Every few years, a broad comedy catches France by storm, while causing barely a ripple in the U.S. Whereas Hollywood studio comedies tend to perform well in France, mainstream American moviegoers couldn’t be less interested in what makes the French laugh.
Los Angeles’ annual Colcoa French Film Festival is as good a place as any to sample a Gallic tickler. Given the event’s proximity to Hollywood — and the fact that many agents and industry pros scour Colcoa for fresh French talent — festival director Francois Truffart tends to favor polished, populist offerings over the more esoteric auteur fare featured at other Gallic film showcases.
“This year, we have a lot of comedy in the lineup,” Truffart tells Variety, unspooling such laffers as Anne Fontaine’s “Gemma Bovery” and Fanny Ardant starrer “Chic!” this week. “A few years ago, we opened the festival with Dany Boon’s fil, ‘Welcome to the Sticks.’”
“Sticks” earned $193.7 million in France. But Boon’s made-up hillbilly dialect, which delighted native speakers, didn’t exactly translate in subtitles, and after relocating to L.A. to develop a remake and other projects, Boon has reportedly left town.
When Ed Arentz launched Music Box Films, “It was a general rule of thumb that anything commercially popular in Europe was, by definition, not suitable for import into the U.S.,” he recalls. “We saw the falseness of that with the first couple of films we released.”
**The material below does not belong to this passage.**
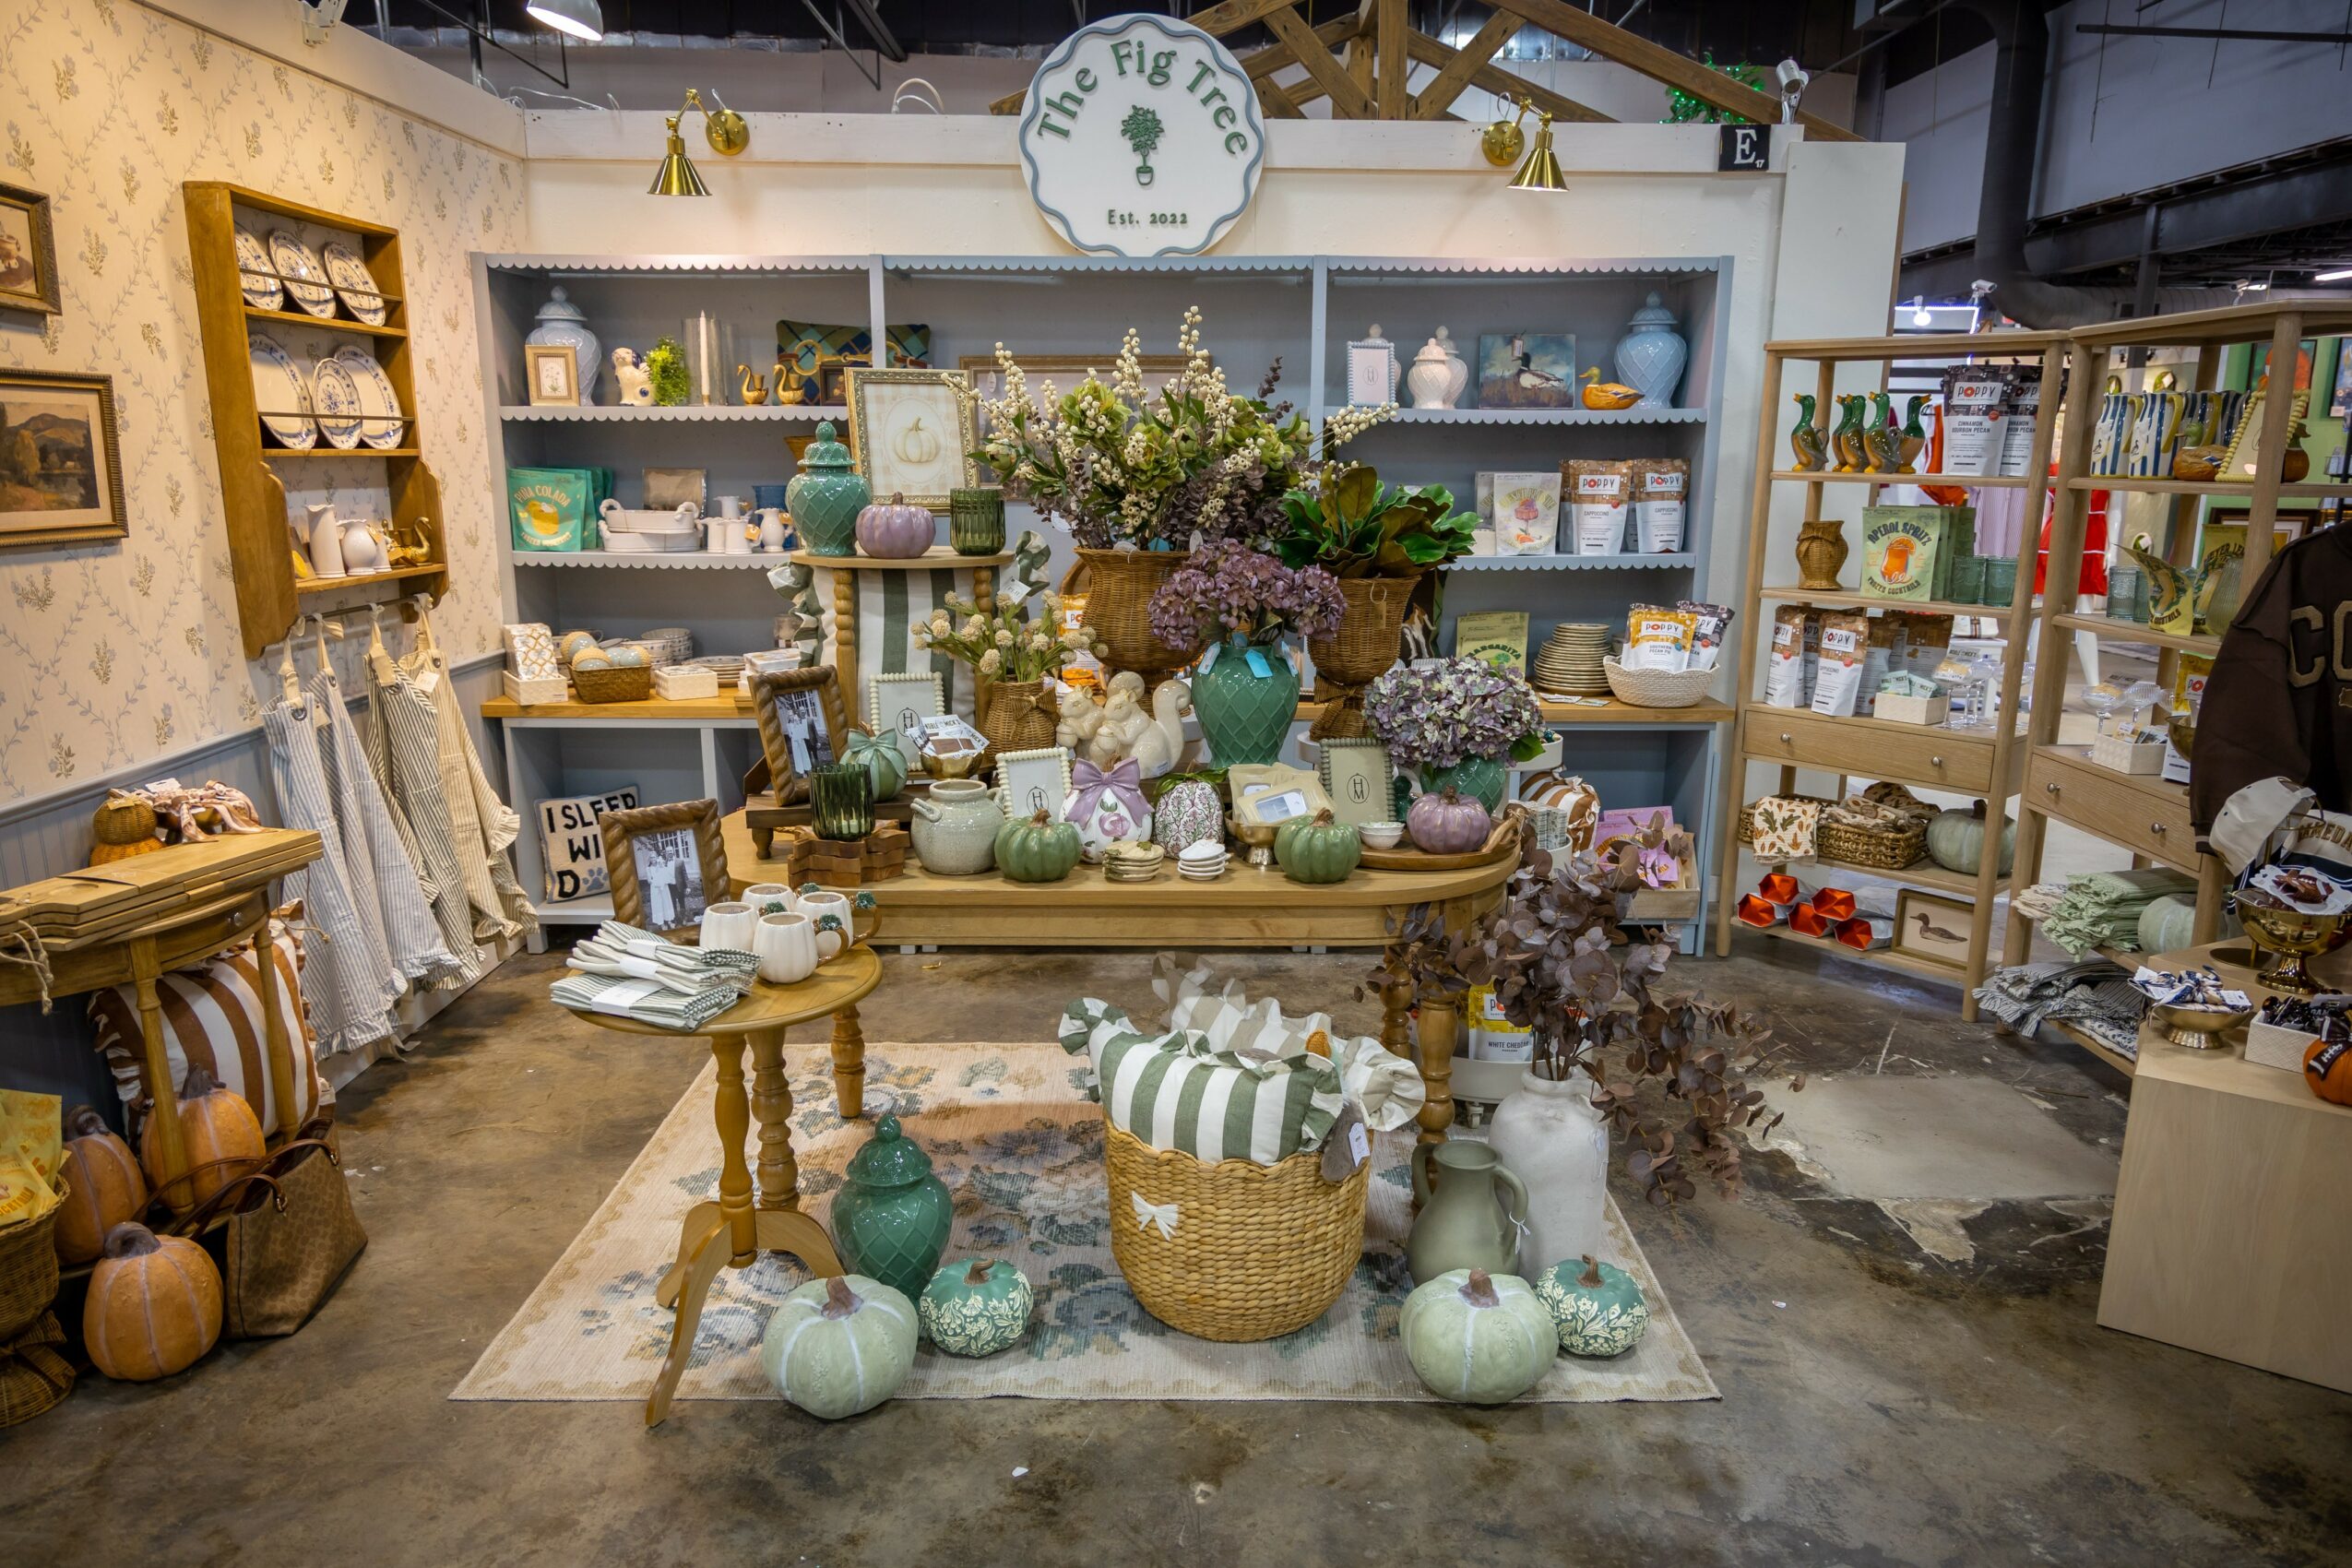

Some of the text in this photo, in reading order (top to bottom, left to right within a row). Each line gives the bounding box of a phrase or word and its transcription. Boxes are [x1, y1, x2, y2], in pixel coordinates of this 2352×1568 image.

French thriller “Tell No One” put the company on the map, earning a cool $6 million, while spy spoof “OSS 117: Cairo, Nest of Spies” did decent theatrical business (around $300,000), generating solidly on homevideo ever since — especially after the attention “The Artist” brought to star Jean Dujardin and director Michel Hazanavicius. (“Cairo” is being screened at this year’s Colcoa as part of its Focus on Filmmaker tribute to Hazanavicius.)
Last year in France, a comedy “Serial (Bad) Weddings” earned nearly $105 million in Gaul and $44 million more abroad — big enough numbers to get Hollywood’s attention, right? And yet no U.S. distributor will touch the TF1 title, in which an old-school Catholic patriarch is horrified when each of his four daughters chooses to marry someone of a different cultural background.
The year before, Guillaume Gallienne’s “Me, Myself and Mum” — about an identity-challenged guy whom everyone is convinced is gay — delighted locals and scored five Cesar awards, but also failed to land a U.S. release. Like “Weddings,” some consider the film too politically incorrect for American auds, if that’s even possible.
“I think we do have a kind of savoir faire involving social comedies, where French audiences are comfortable talking about sensitive subjects, like racism or the handicapped,” says UniFrance managing director Isabelle Giordano, citing 2012 hit “Paulette,” in which a cash-strapped elderly woman resorts to pot dealing, and “The Intouchables” (the 2012 Colcola closer), which scored a stunning $10.2 million for the Weinstein Co. (despite accusations of racism in its Variety review).
Still the challenge remains that American audiences don’t read subtitles and arthouse-goers prefer edgier, more sophisticated French pics.
That leaves the possibility of remake rights — an arena where many high-concept French comedies have scored big. And Colcoa also remains a great place to evaluate that potential.